The MiSeq platform (Illumina, San Diego, CA, USA) was used to analyze the HCV NS4 region, which was amplified by nested PCR using adaptor primers (sense, 5′-TCGTCGGCAGCGTCAGATGTGTATAAGAGACAGCTGGAGGTTATCACNAGCACNTGG-3′, and antisense, 5′-GTCTCGTGGGCTCGGAGATGTGTATAAGAGACAGCACATGTGCTTCGCCCAGAA-3′) with a KAPA HiFi HotStart ReadyMix PCR kit (KAPA BIO, Boston, MA, USA). PCR for the first round was 5 min at 95 °C; followed by 30 cycles for 30 s at 95 °C, 30 s at 65 °C and 30 s at 72 °C. Purified PCR products were amplified using different sets of index primers in the Nextera XT Index kit (Illumina) for each sample. The PCR conditions for the amplification were 95 °C for 3 min, followed by 8 cycles of 95 °C for 30 s, 55 °C for 30 s and 72 °C for 30 s with a final extension of 72 °C for 5 min. After purification, the products were quantified using the Quant-iT PicoGreen double-stranded DNA (dsDNA) Reagent and Kit (Invitrogen) according to the manufacturer’s instructions. Paired-end sequencing was conducted on the Illumina MiSeq platform using a MiSeq Reagent Kit Nano v2 500 cycles (Illumina) according to the manufacturer’s protocol. A MiSeq v2 Reagent Kit 500 cycles (Illumina) was used in Nos. 13, 14 and JFH-1 for control.

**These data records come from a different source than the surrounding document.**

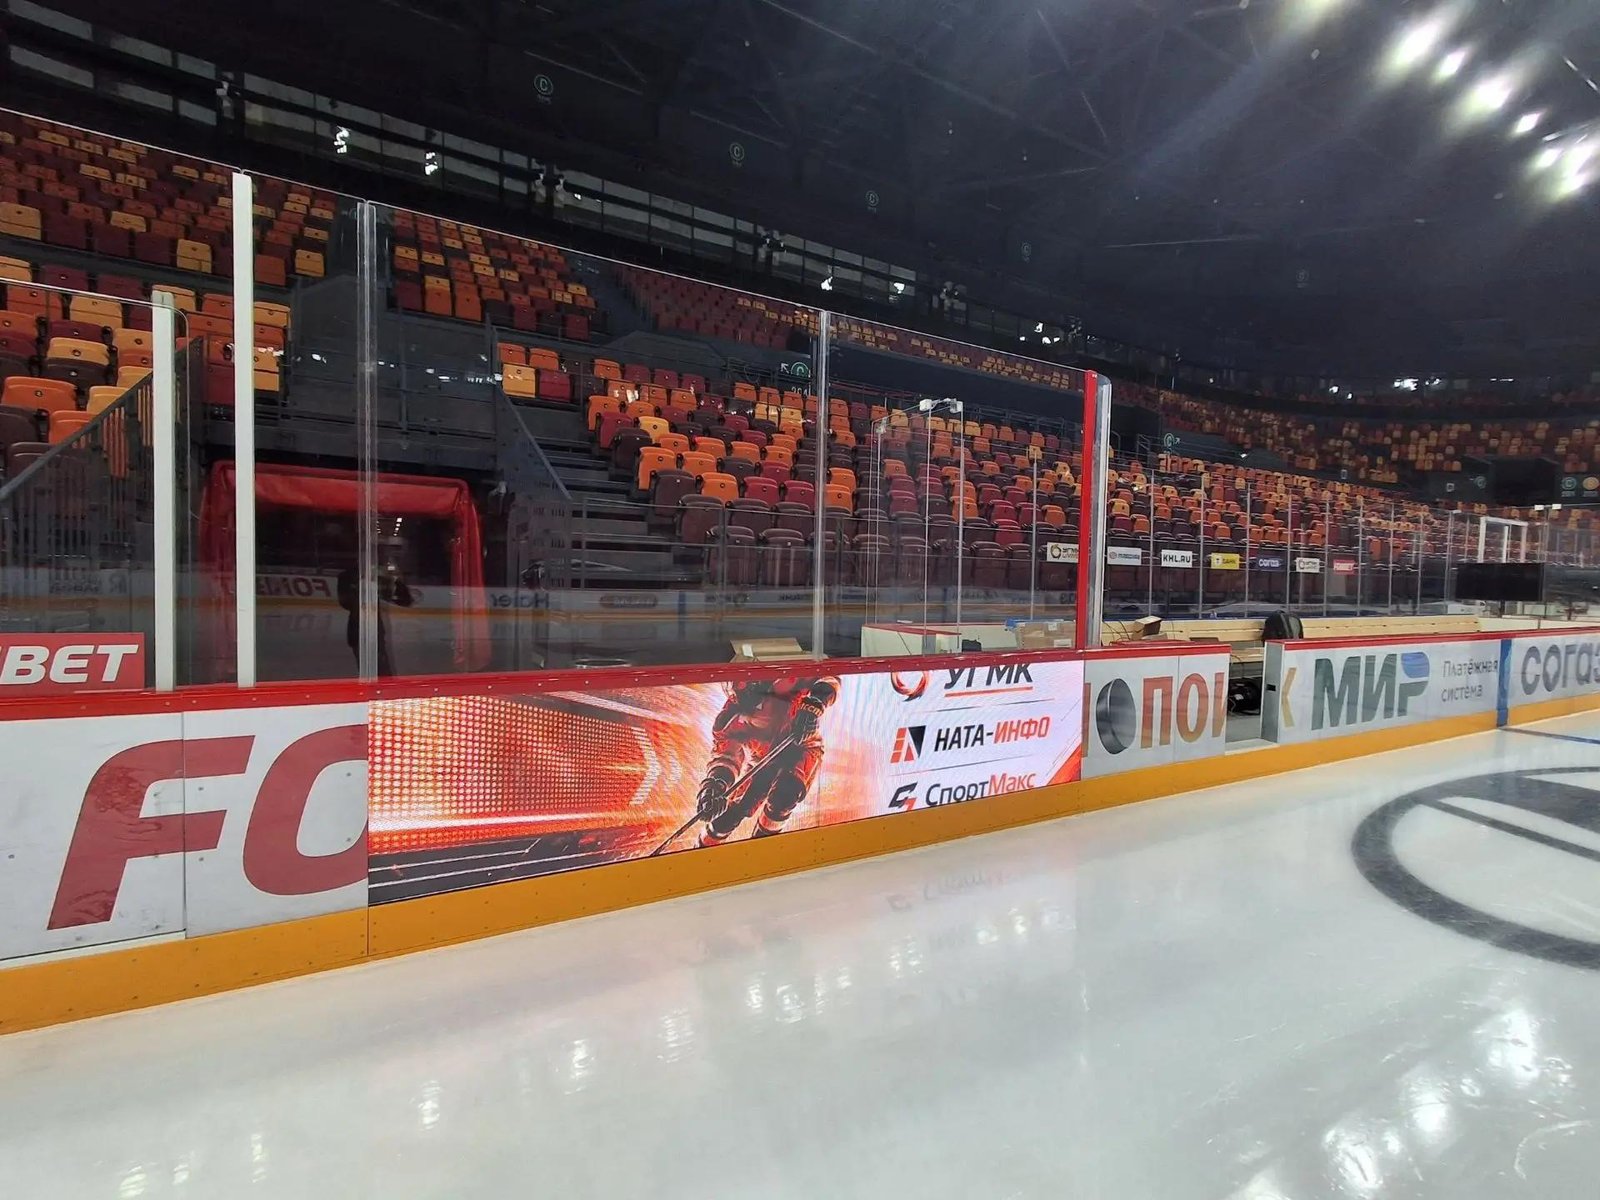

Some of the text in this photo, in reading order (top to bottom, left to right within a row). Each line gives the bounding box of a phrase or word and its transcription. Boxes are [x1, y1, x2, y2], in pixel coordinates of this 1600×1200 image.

[1162, 554, 1192, 563] KHL.RU
[0, 644, 139, 685] BET
[1311, 651, 1430, 730] МИР
[935, 716, 1050, 752] НАТА-ИНФО
[925, 772, 1037, 807] СпортМакс

4.6. Data Analysis of Deep Sequencing

After filtering by PANDAseq (v2.8) with the parameters “-L 300 -L 200” [29], an average of 70,157 reads was produced from each sample by the Nano kit while an average of 937,428 reads was produced by the standard kit. Each read was aligned against reference HCV genomes (H77, HCV-J, HC-J6 and HC-J8) using BLASTN (v2.2.28+) with the parameters “-evalue 1e-4–task blastn” [30]. Reference sequences with non-identical genotypes to samples were also included (D17763 (NZL1) for HCV genotype 3a, Y11604 (ED43) for 4a, Y13184 (EUH1480) for 5a, Y12083 (EUHK2) for 6a and EF108306 (QC69) for 7a, respectively) [13]. Mixed infection was identified by the generation of multiple contigs against two or more reference genomes. For control experiments, HCV RNA was prepared from conditioned medium on Huh7 cells transfected with HCV JFH1 [1] and was subjected to deep sequencing. Among 994,646 hit reads to the references, 990,097 reads (99.54%) were correctly assigned to the original JFH1 sequences. When HC-J6 was used as a reference of genotype 2a, 988,099 (99.42%) were correctly assigned to genotype 2a, while 4058 reads (0.41%) were assigned as genotype 2b, which were regarded as sequencing errors. Based on these data, the threshold for the detection of minor populations with different genotypes was set at 0.5%.

5. Conclusions

Although the HCV serotyping method is a widely applicable method especially when many samples are to be tested, there are some discrepant cases, as well. Currently, there are several serotyping systems with high accuracy available. Using the latest system and combining different methods should minimize the risk of discrepancy. Rapid genotyping systems can be a better alternative to serotyping, although it is still costly. The present study highlighted ultra-deep sequencing, and it may be useful for the diagnosis of patients with mixed HCV genotypes. Until the availability of effective antiviral regimens for the pangenotypes of HCV, HCV genotyping should be correctly determined before antiviral therapy, especially in certain regimens, for which the efficacy is dependent on HCV genotypes.